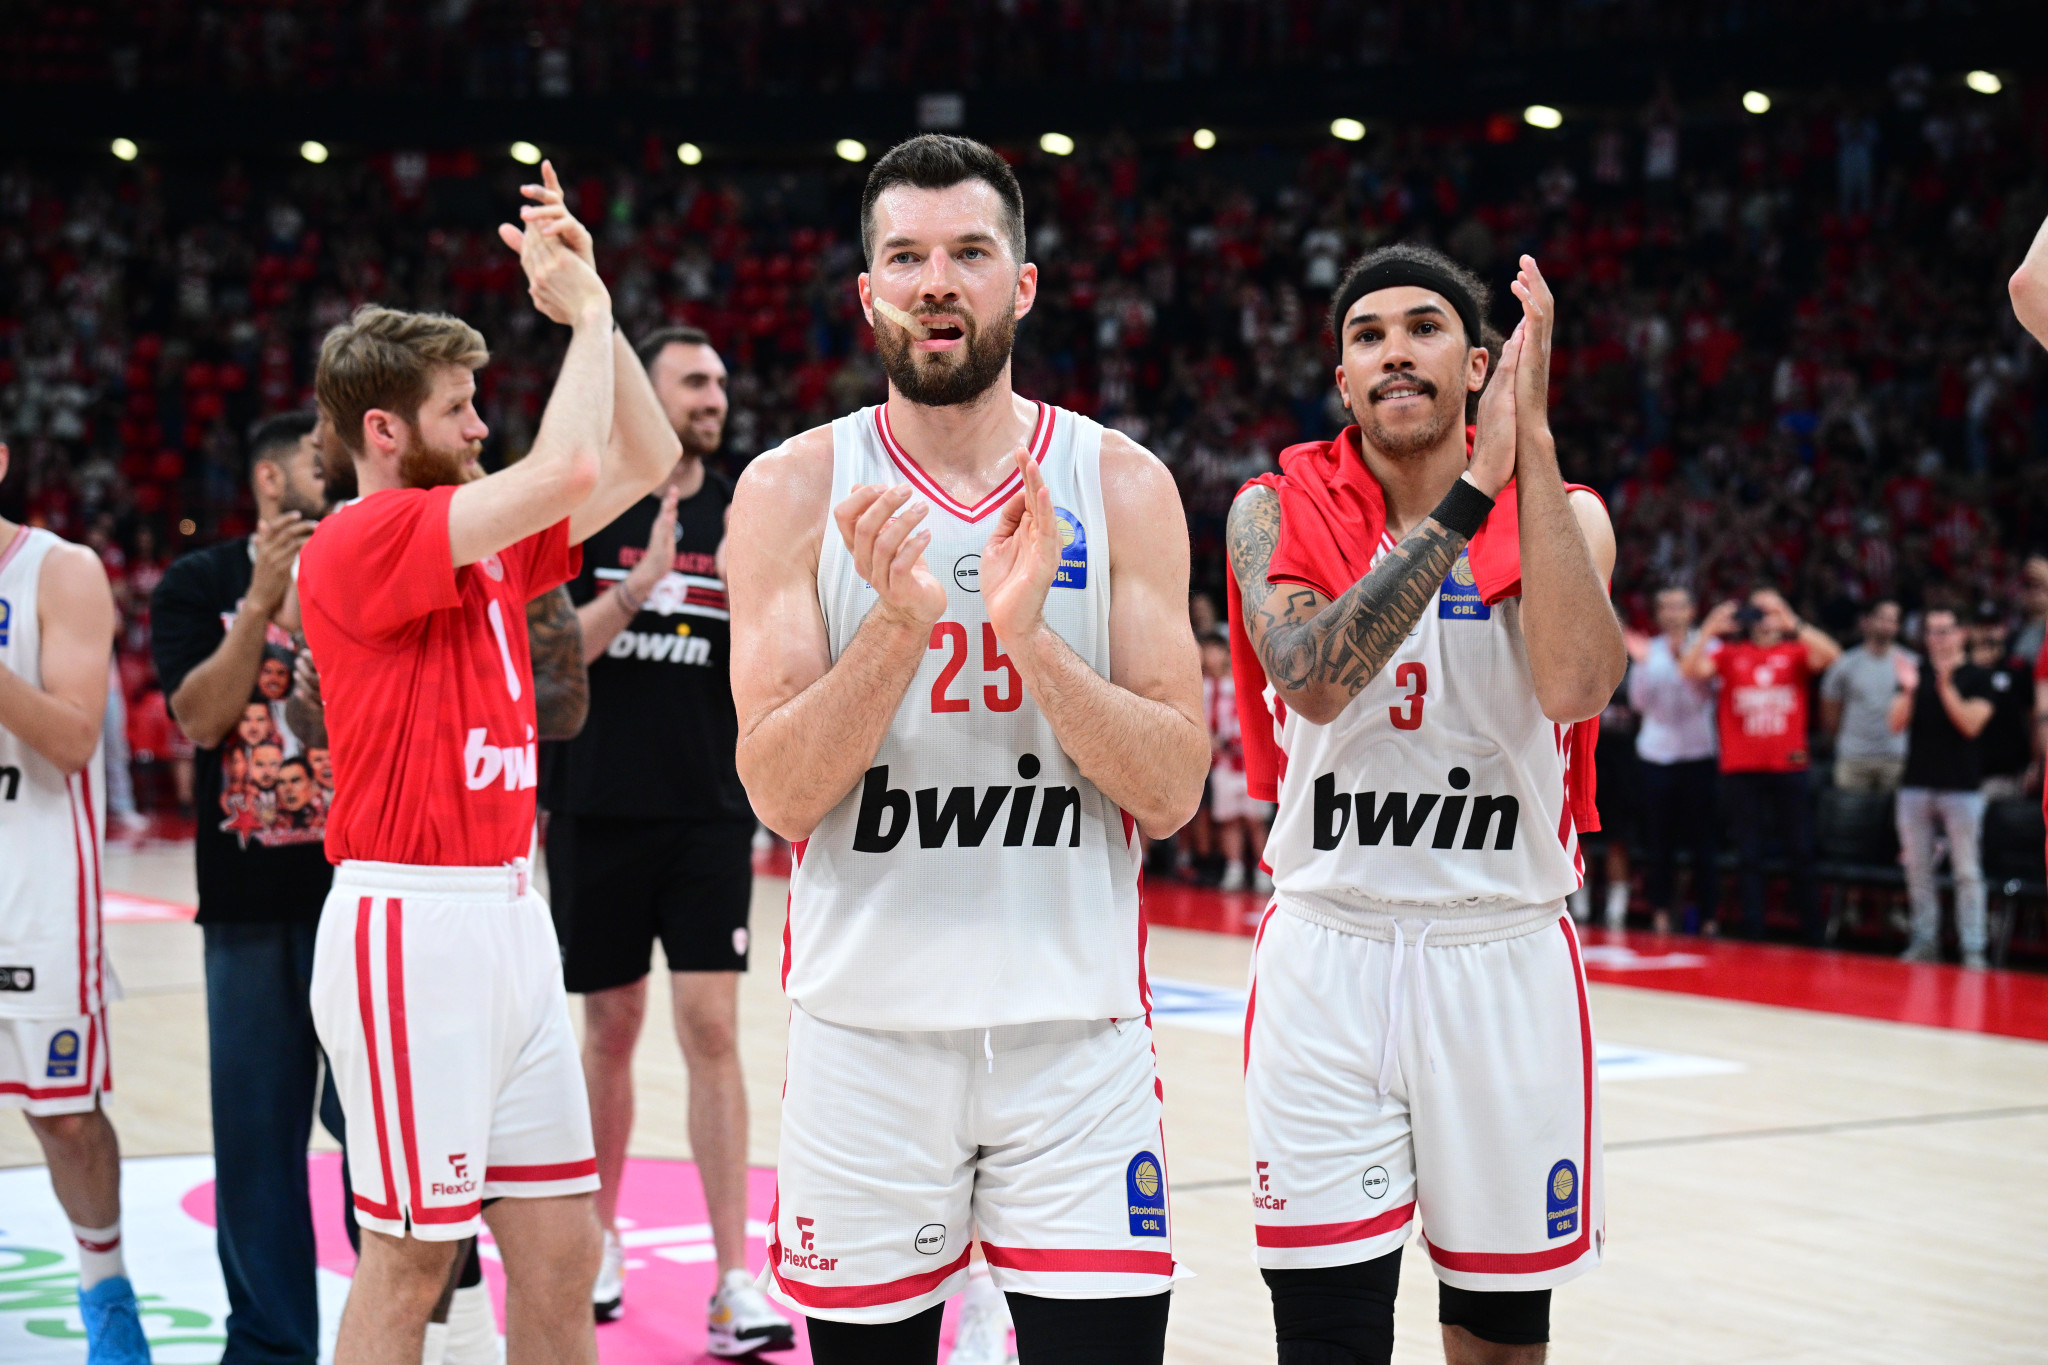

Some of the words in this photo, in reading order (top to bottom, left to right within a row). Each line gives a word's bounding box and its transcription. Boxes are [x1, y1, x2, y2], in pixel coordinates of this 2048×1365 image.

[956, 569, 979, 577] GS
[1054, 571, 1073, 582] BL
[1441, 593, 1483, 602] Stoixima
[1452, 605, 1477, 615] GBL
[928, 621, 1023, 714] 25
[1388, 661, 1428, 731] 3
[464, 723, 538, 791] bwi
[852, 753, 1081, 853] bwin
[1313, 766, 1520, 852] bwin
[1364, 1177, 1388, 1186] GSA
[1141, 1219, 1160, 1230] GBL
[1556, 1219, 1573, 1232] GBL
[783, 1247, 839, 1271] FlexCar
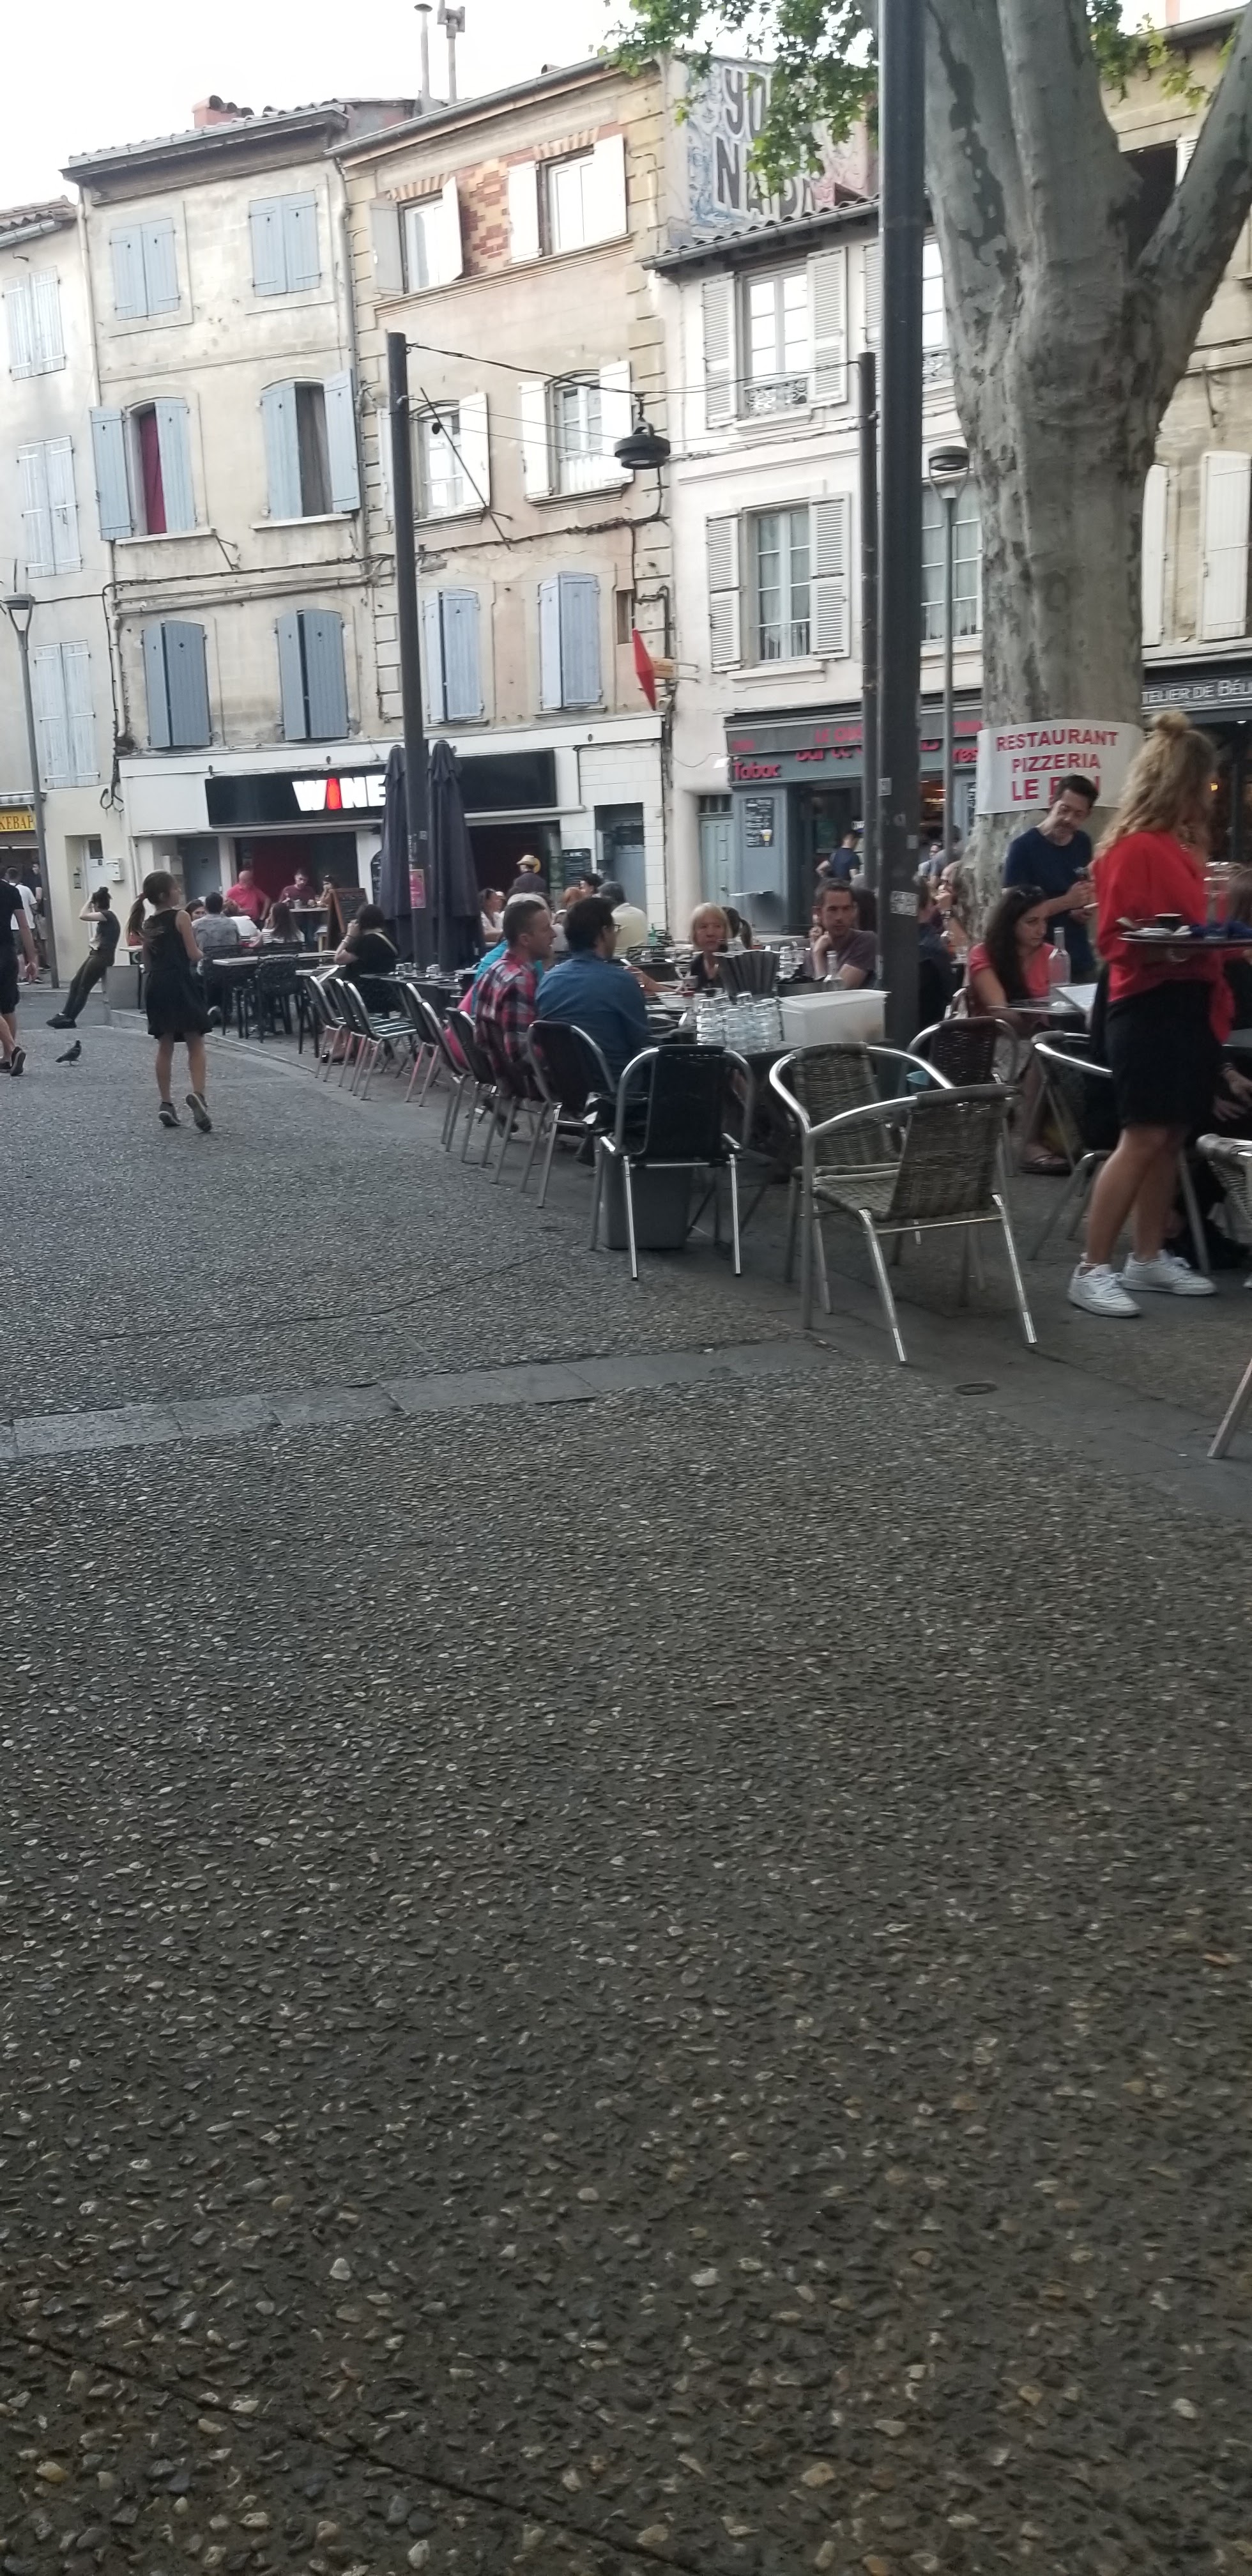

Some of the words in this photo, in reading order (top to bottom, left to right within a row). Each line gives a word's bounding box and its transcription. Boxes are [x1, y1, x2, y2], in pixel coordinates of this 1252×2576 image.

[1193, 686, 1214, 698] DE
[996, 728, 1117, 752] RESTAURANT
[733, 762, 781, 780] Tabac
[1012, 753, 1101, 774] PIZZERIA
[292, 774, 386, 811] WINE
[1012, 778, 1039, 801] LE

**Task statement:** Print every entry exactly; omit the pictures.

**Your response:**
Some of the words in this photo, in reading order (top to bottom, left to right within a row). Each line gives a word's bounding box and its transcription. Boxes are [x1, y1, x2, y2], in pixel coordinates of this 2048×1365 image.

[956, 569, 979, 577] GS
[1054, 571, 1073, 582] BL
[1441, 593, 1483, 602] Stoixima
[1452, 605, 1477, 615] GBL
[928, 621, 1023, 714] 25
[1388, 661, 1428, 731] 3
[464, 723, 538, 791] bwi
[852, 753, 1081, 853] bwin
[1313, 766, 1520, 852] bwin
[1364, 1177, 1388, 1186] GSA
[1141, 1219, 1160, 1230] GBL
[1556, 1219, 1573, 1232] GBL
[783, 1247, 839, 1271] FlexCar

Some of the words in this photo, in reading order (top to bottom, left to right within a row). Each line gives a word's bounding box and its transcription. Boxes are [x1, y1, x2, y2], in pixel coordinates of this 1252×2576 image.

[1193, 686, 1214, 698] DE
[996, 728, 1117, 752] RESTAURANT
[733, 762, 781, 780] Tabac
[1012, 753, 1101, 774] PIZZERIA
[292, 774, 386, 811] WINE
[1012, 778, 1039, 801] LE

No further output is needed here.